Lembro de uma vez que ao ser confrontado pelo exímio mestre Alencard Trunof, falecido a cerca de duzentos anos, hesitei ao responder-lhe sobre minha prática ao executar um ato simples como preparar uma fogueira a partir de uma conjuração elementar. Com vergonha hoje confesso, que a simples facilidade de um feitiço acabou por tornando-o algo automático e mecânico em minha mente.

Digo isso, pois tive apontada para mim, de forma dura, que tal dissociação é um dos motivos que impede nosso crescimento como sociedade. Ao longo de décadas de estudo pude perceber que a automatização e a falta de meditação por parte de magos e feiticeiros está fazendo com que os valores fundamentais percam-se como relíquias do passado.

Talvez seja por esse mesmo motivo que encontremos nos mais antigos a admiração e inveja por sua força? Essas pessoas, algumas que ainda hoje vivem, carregam em suas veias e almas o construir do processo mágico como veio a ser e, sabemos, seria uma lastima virmos a perder legado de milênios.

É por isso que proponho a você, agora, o estudo sobre algo tão simples como o “pensar” e “associar”. Através dessas páginas tenho classificado informações pertinentes a respeito da padronização e metodologia do fazer mágico para que nosso contato com a Sagrada Mãe deixe de ser, ou esperançosamente não se torno, algo privado de seu verdadeiro significado.

 

Prefácio de “Introdução ao pensar.”, por R.R Charls, 1783-Reah.

(Registro 1897.7982/s perante GC.)

 

 

 

No espaço de dois anos entre a chegada de Izuku na casa do quarteto, até o momento em que o menino efetivamente escolheu tornar-se estudante de magia, as coisas aconteceram em fogo brando:

Inko ainda não havia acordado de seu coma, tendo sofrido danos severos em sua própria essência. Enquanto isso não era exatamente irreversível, o fato de que essa ferida precisava de tempo para curar tornou-se de conhecimento para o menino. E Izuku compreendia. Dia após dia ele visitava o leito de sua mãe, no mesmo quarto em que ela havia sido instalada ao chegarem a casa, e olhava para seu rosto adormecido, perguntando-se se finalmente aquele seria o dia que ela acordaria.

No geral, a vida de Izuku havia mudado pouco. Ele continuaria frequentando a mesma escola que de antes, sendo levado todo dia apesar da relativa distância. O trajeto durava, em cerca, meia hora de ida e volta, mas Izuku sentia-se mais confortável estando em um local já conhecido.

Foi em uma das viagens com Aya para o centro comercial, que Izuku encontra Katsuki pela primeira vez desde o que havia chamado de “O acidente”. Já fazia duas semanas desde que Izuku havia se transferido definitivamente de seu destruído apartamento para a casa de seus salvadores e, apesar de sua lastima, absolutamente nada pode ser salvo, incluso seus materiais escolares.

Era a missão de ambos naquela tarde, então, encontrar novos cadernos e suprimentos para que Izuku pudesse voltar para a escola na próxima semana. A pequena folga que havia recebido para sua adaptação estava chegando ao fim o que exigia que os itens fossem providenciados. É claro que, entre o entusiasmo de comprar merchandising de All Might e demais decorações para o quarto estupidamente grande que recebera, os itens escolares acabaram sendo relegados ao esquecimento (para o constrangimento de todos os presentes).

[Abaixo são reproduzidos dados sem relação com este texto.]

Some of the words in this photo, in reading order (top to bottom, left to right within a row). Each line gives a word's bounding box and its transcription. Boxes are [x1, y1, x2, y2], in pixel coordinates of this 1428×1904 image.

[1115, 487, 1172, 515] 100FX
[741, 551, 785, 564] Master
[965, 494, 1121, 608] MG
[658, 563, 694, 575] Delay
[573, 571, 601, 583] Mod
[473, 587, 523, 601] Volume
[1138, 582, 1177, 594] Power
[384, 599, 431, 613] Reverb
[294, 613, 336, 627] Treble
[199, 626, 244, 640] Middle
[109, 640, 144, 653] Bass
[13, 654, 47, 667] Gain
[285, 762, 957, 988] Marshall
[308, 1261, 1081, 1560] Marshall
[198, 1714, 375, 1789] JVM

Distraído pelas pequenas besteiras que a garota mais velha dizia o menino não havia notado seu amigo até que fosse tarde demais para que pudesse tentar fugir de sua presença. Sinceramente, correndo o risco de ser chamado de covarde (e chamando-se assim internamente) Izuku admitia que ainda não era capaz de lidar com o tratamento que , sabia, iria receber de Kacchan.

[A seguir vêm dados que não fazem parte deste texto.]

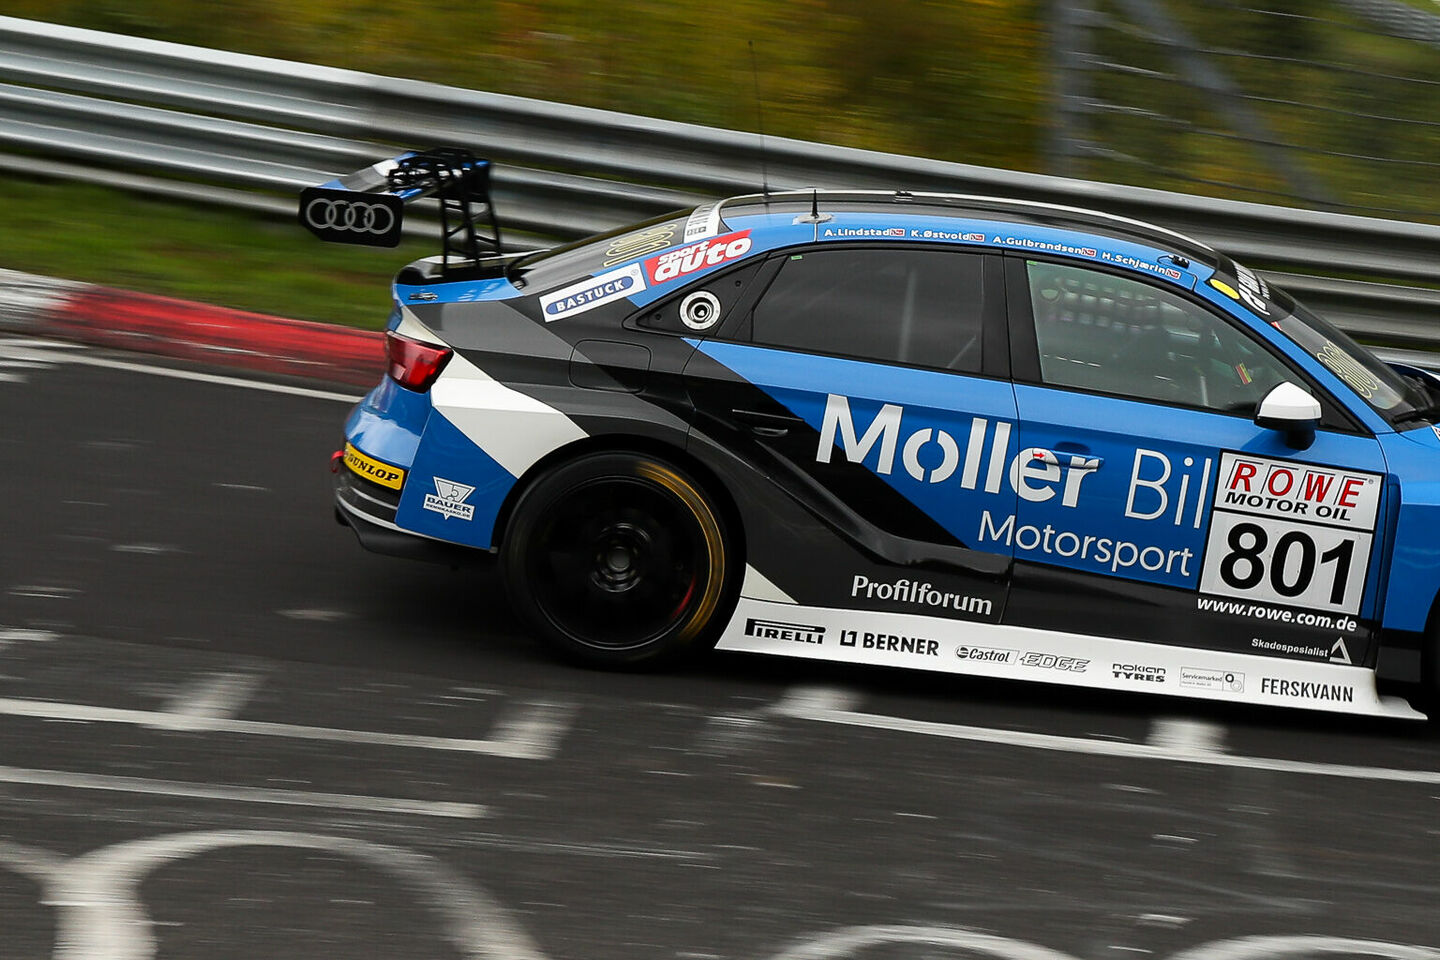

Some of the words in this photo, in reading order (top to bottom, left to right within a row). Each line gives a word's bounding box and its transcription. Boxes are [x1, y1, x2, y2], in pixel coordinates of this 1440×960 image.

[654, 238, 752, 283] auto
[657, 240, 709, 266] sport
[554, 279, 625, 312] BASTUCK
[1125, 448, 1212, 529] Bil
[1229, 462, 1365, 508] ROWE
[427, 497, 471, 514] BAUER
[1224, 491, 1309, 515] MOTOR
[1315, 505, 1351, 521] OIL
[978, 510, 1193, 577] Motorsport
[1220, 522, 1355, 605] 801
[851, 575, 993, 615] Profilforum
[1197, 598, 1357, 631] www.rowe.com.de
[744, 618, 827, 644] PIRELLI
[863, 632, 940, 656] BERNER
[969, 648, 1011, 663] Castrol
[1020, 652, 1091, 673] EDGE
[1112, 663, 1167, 675] nokian
[1112, 671, 1166, 683] TYRES
[1261, 677, 1354, 703] FERSKVANN
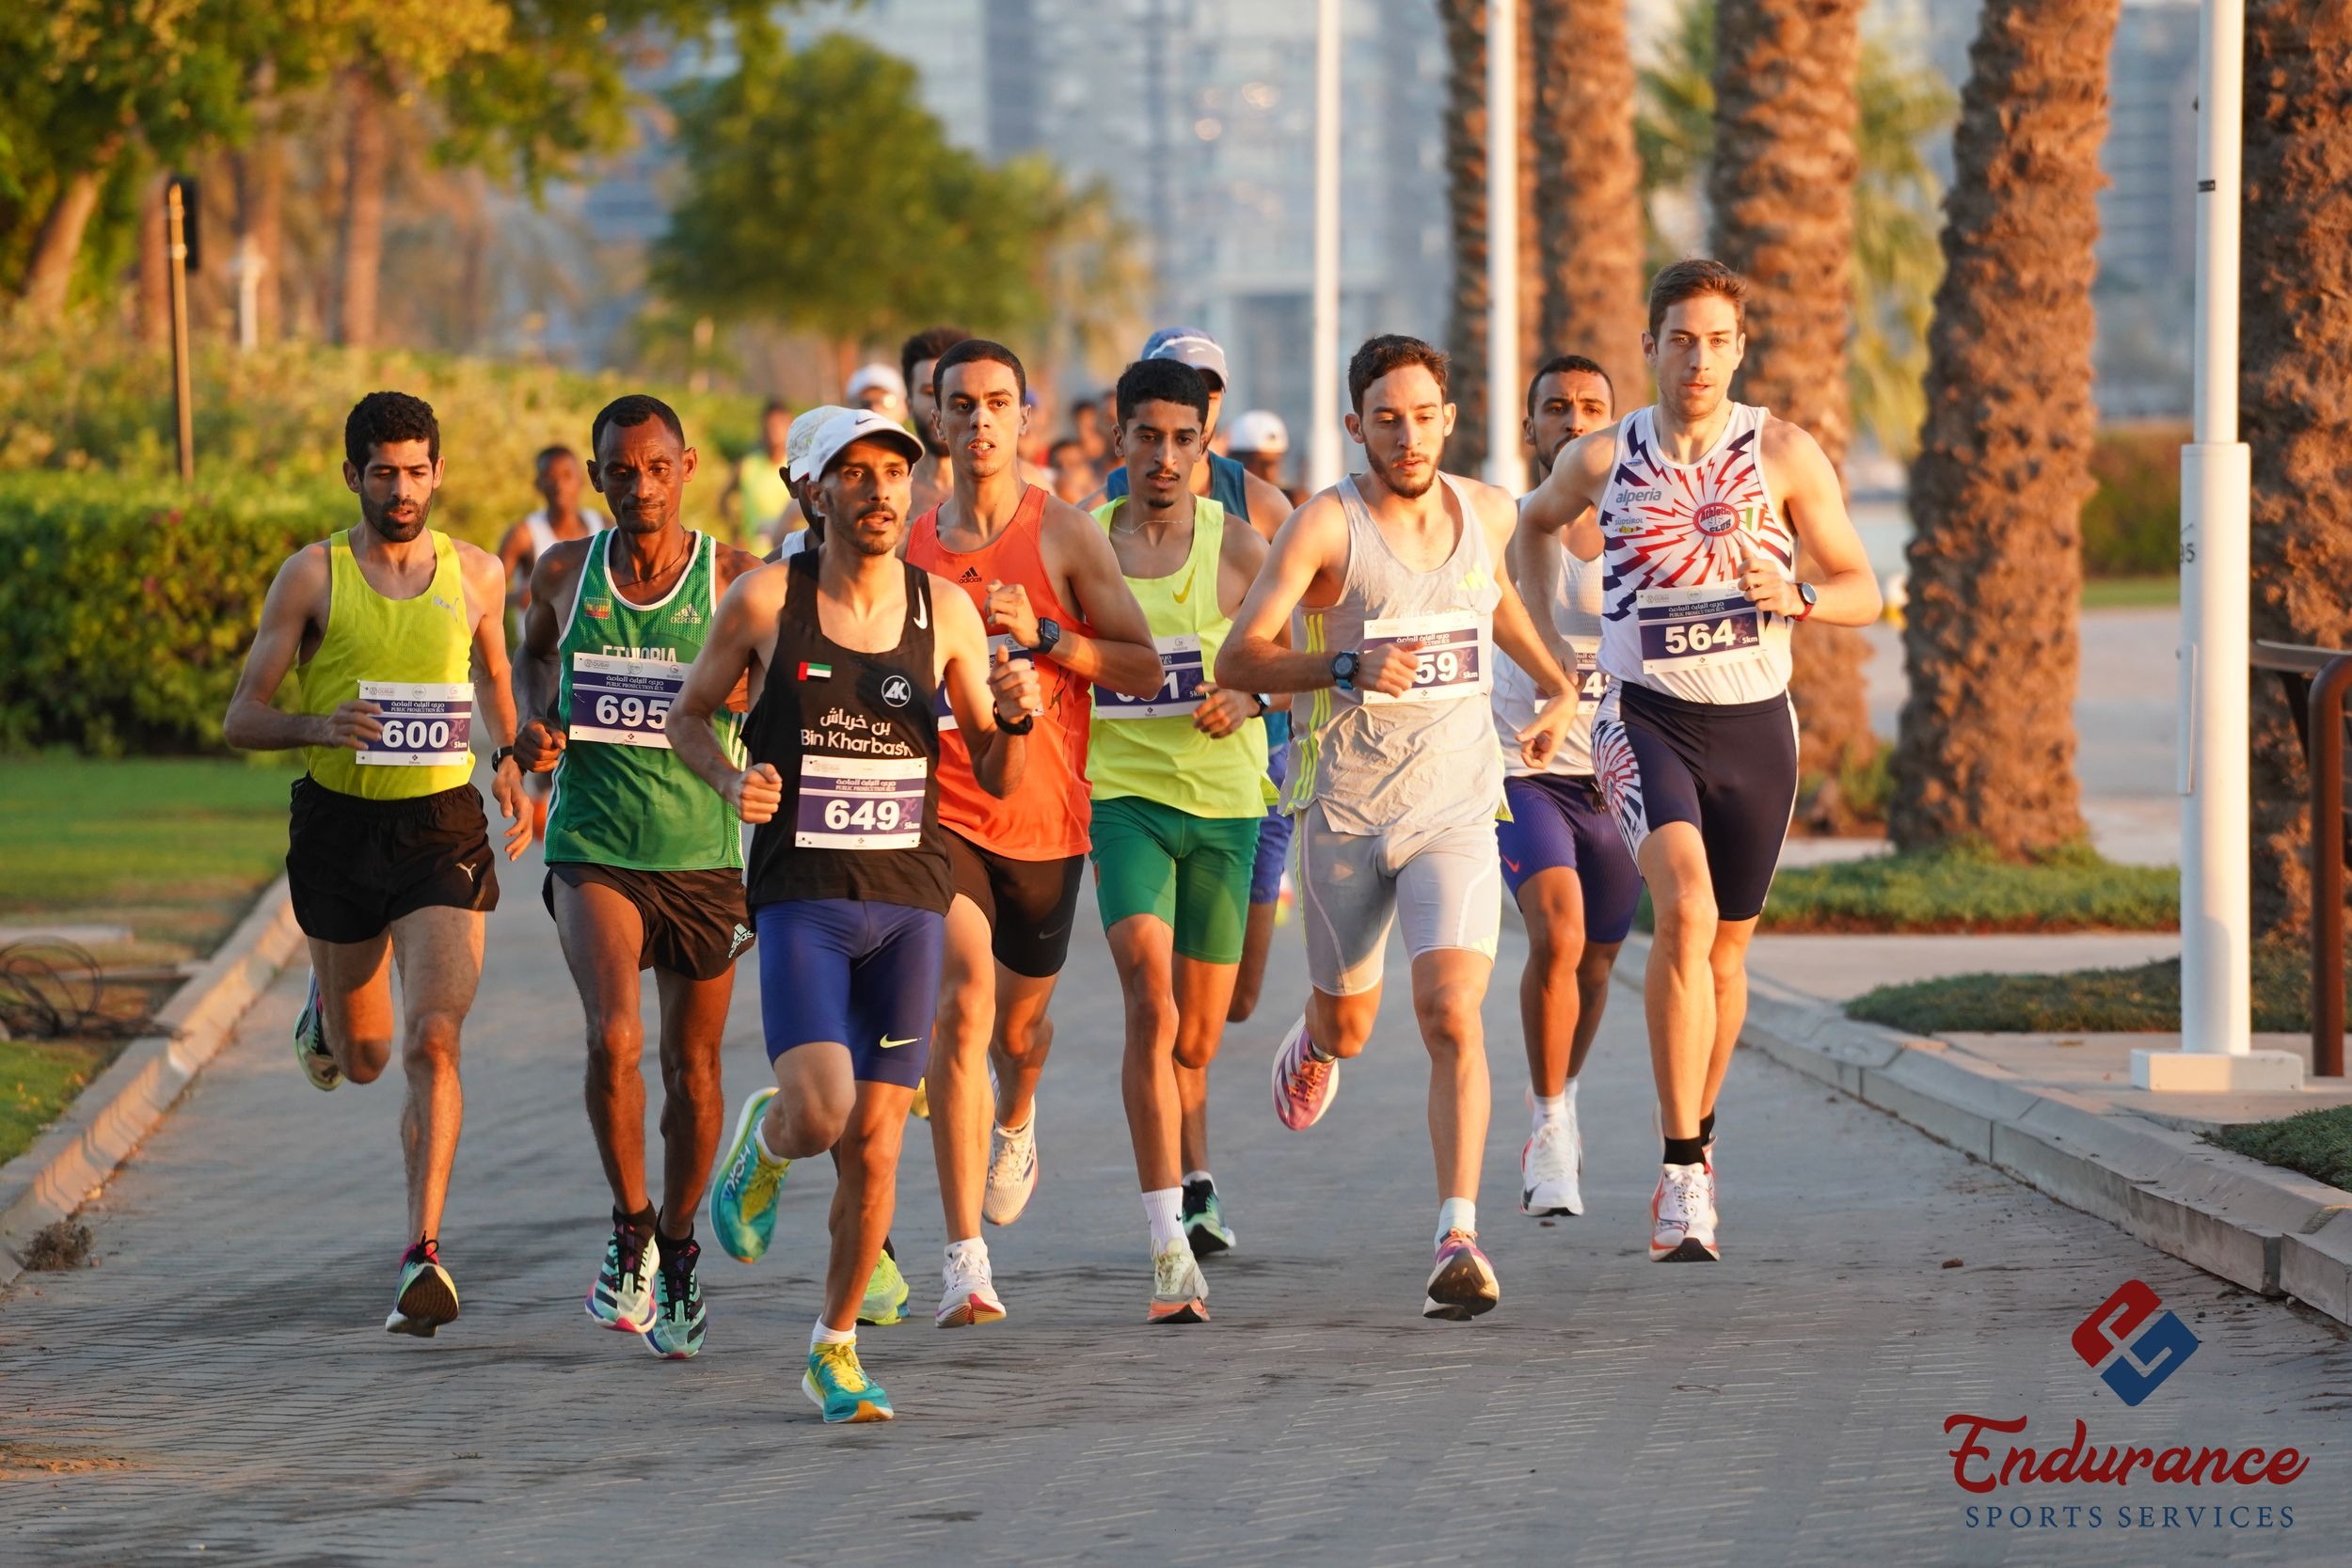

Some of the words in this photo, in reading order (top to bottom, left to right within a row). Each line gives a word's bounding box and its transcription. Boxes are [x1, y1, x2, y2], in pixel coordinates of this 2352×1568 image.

[1615, 487, 1662, 506] alperia
[1709, 519, 1731, 532] CLUB
[959, 576, 982, 584] adidas
[1664, 618, 1737, 654] 564
[1741, 635, 1758, 644] 5km
[1415, 652, 1459, 685] 59
[1463, 671, 1478, 679] 5km
[596, 694, 671, 730] 695
[819, 706, 868, 731] خرباش
[382, 720, 450, 749] 600
[871, 721, 891, 736] بن
[800, 728, 824, 747] Bin
[827, 730, 914, 757] Kharbash
[824, 799, 900, 832] 649

Agarrando-se a barra da saia de Aya, então, Izuku apenas se encolheu enquanto escutava a dupla de vozes irritadas aumentando em volume que indicavam a aproximação de Bakugou Mitsuki e seu enérgico filho. Seu desconforto não passou despercebido para sua acompanhante, e suavemente os dedos dela voltaram para seus cabelos, passando por aquele preguiçoso padrão da qual já estava acostumado.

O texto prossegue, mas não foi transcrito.